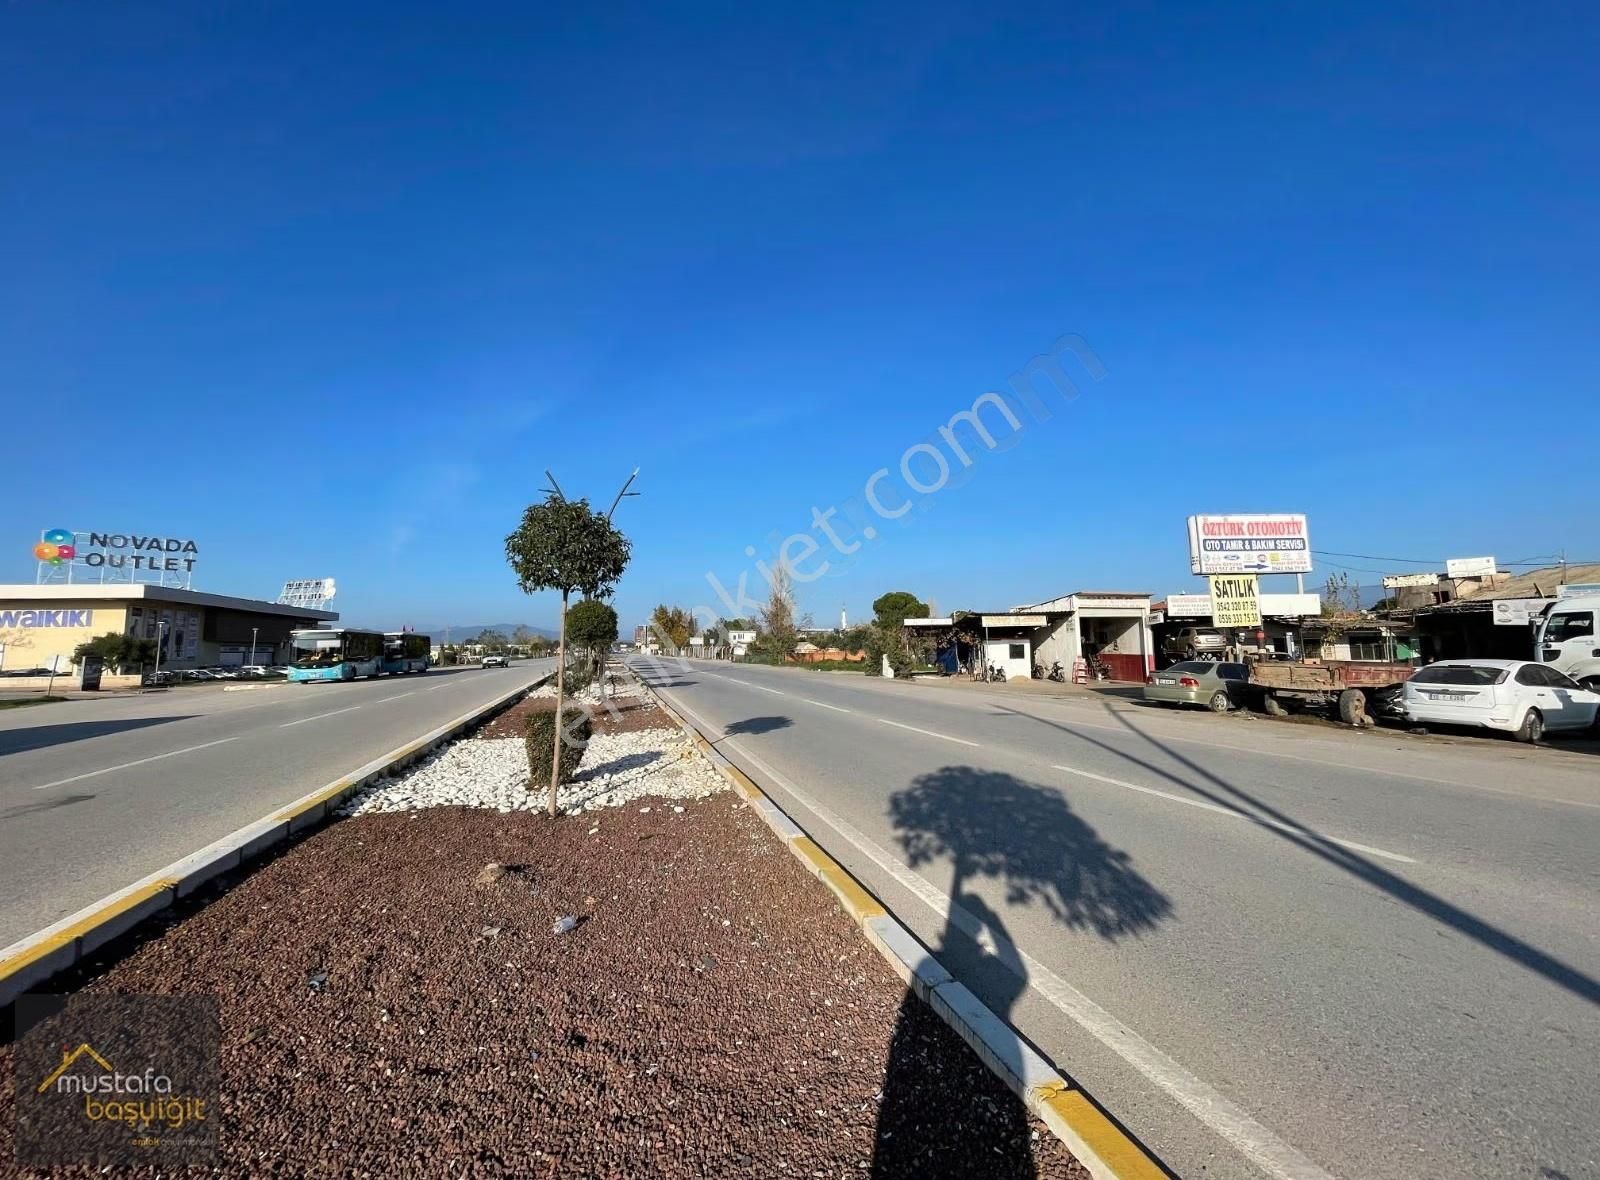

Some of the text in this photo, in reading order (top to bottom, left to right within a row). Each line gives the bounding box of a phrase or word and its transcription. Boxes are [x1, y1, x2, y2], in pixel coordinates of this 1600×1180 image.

[1203, 516, 1303, 536] ÖZTÜRK OTOMOTİV
[89, 532, 198, 554] NOVADA
[1206, 540, 1220, 551] OTO
[1245, 540, 1250, 550] &
[1251, 539, 1275, 550] BAKIM
[85, 552, 197, 572] OUTLET
[1214, 579, 1256, 599] SATILIK
[1216, 601, 1230, 611] 0542
[1231, 601, 1242, 611] 320

§ TASK ITEM
Without carrying over any pictures, retype the records above exactly.

§ PROBLEM SOLUTION
Some of the text in this photo, in reading order (top to bottom, left to right within a row). Each line gives the bounding box of a phrase or word and its transcription. Boxes are [x1, y1, x2, y2], in pixel coordinates of this 1600×1180 image.

[1203, 516, 1303, 536] ÖZTÜRK OTOMOTİV
[89, 532, 198, 554] NOVADA
[1206, 540, 1220, 551] OTO
[1245, 540, 1250, 550] &
[1251, 539, 1275, 550] BAKIM
[85, 552, 197, 572] OUTLET
[1214, 579, 1256, 599] SATILIK
[1216, 601, 1230, 611] 0542
[1231, 601, 1242, 611] 320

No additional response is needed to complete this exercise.